CONTESTED WILL
Etcetera Theatre, London NW1
Opened 5 January, 1996

In the mid-1790s, 20-year-old William Ireland's Shakespeare forgeries deceived many of the great and the good, both in the literary world and the country at large; the supposedly "rediscovered" play Vortigern And Rowena was even staged at Richard Brinsley Sheridan's Drury Lane Theatre. Ireland's hoax is a marvellous subject for a play, but this particular piece gets rather carried away with the opportunities for artifice.

Playwright Olly Figg works dreadfully hard at giving Sheridan plenty of bons mots, then even harder at enabling young Ireland and Drury Lane's leading "breeches" comedienne Mrs Jordan to withstand such constant withering fire. Consequently, we occasionally go as long as thirty seconds without an acerbic pun being cracked. Figg ably demonstrates his wit, but just does not know when to stop; at one point he even slips in a gratuitous Forrest Gump reference.

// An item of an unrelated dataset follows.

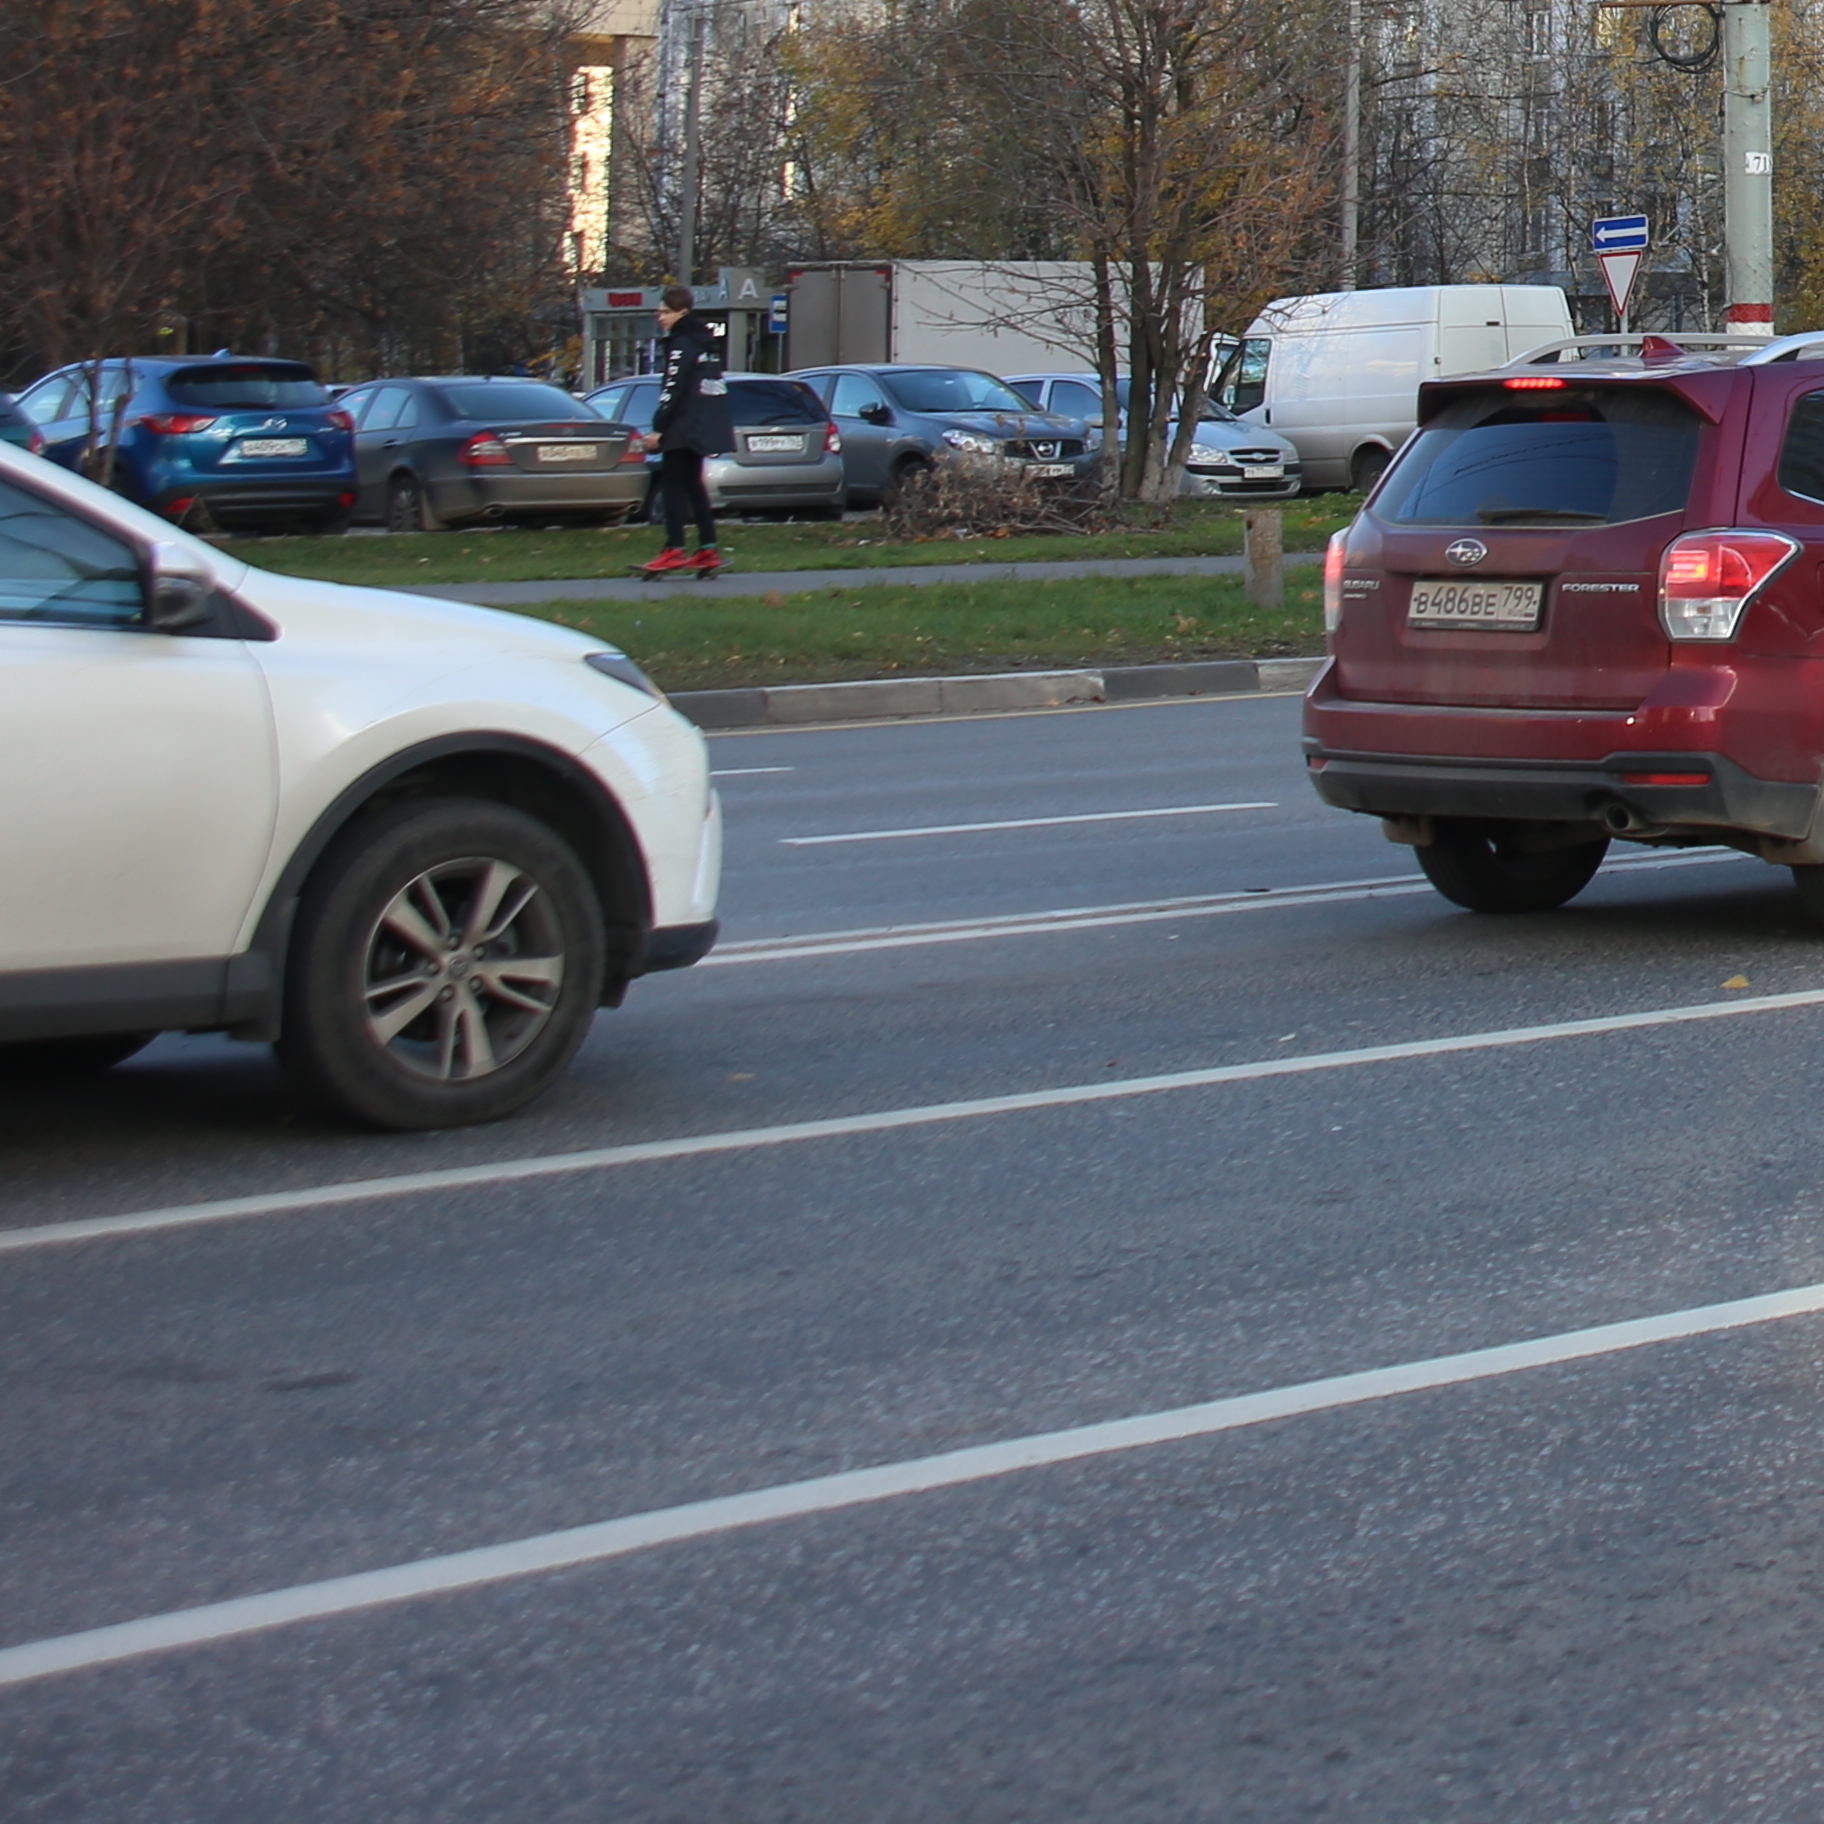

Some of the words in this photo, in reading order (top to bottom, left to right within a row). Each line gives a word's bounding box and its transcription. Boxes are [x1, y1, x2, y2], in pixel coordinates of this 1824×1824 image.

Andrew Vesper's performance as Ireland veers awkwardly between that of a young man trying to outplay the grown-ups and a puppy-eyed adolescent infatuated with Mrs Jordan; where the historical Ireland executed his forgeries primarily to impress his scornful father, this lad is more concerned with the actress he idolises. Katerina Jugati plays Mrs Jordan as a consummate coquette, but is under-supplied by Figg when the time comes to show a degree of sincerity and caring. As Sheridan, Alistair Findlay need do little but keep the wordplay fizzing.

David Cottis's direction is simple and largely concerned with liveliness, but falls foul of the sad fact that it is nigh impossible to fit Regency frolics into a pub theatre. Last year's Edmund Kean musical at the King's Head succeeded against the odds, but these actors are palpably conscious of being shoe-horned into the scarcely smaller Etcetera Theatre. A company of five does not pack the stage, but it becomes damned difficult to be as expansive as the style demands without either vocally or physically knocking one another off their feet. Paradoxically, they seem most comfortable when nothing but camp frenzy is called for, in a high-speed version of Vortigern And Rowena. I am not able to say whether the lines used here are Ireland's own, but from what I am told, they are certainly hackneyed enough to be.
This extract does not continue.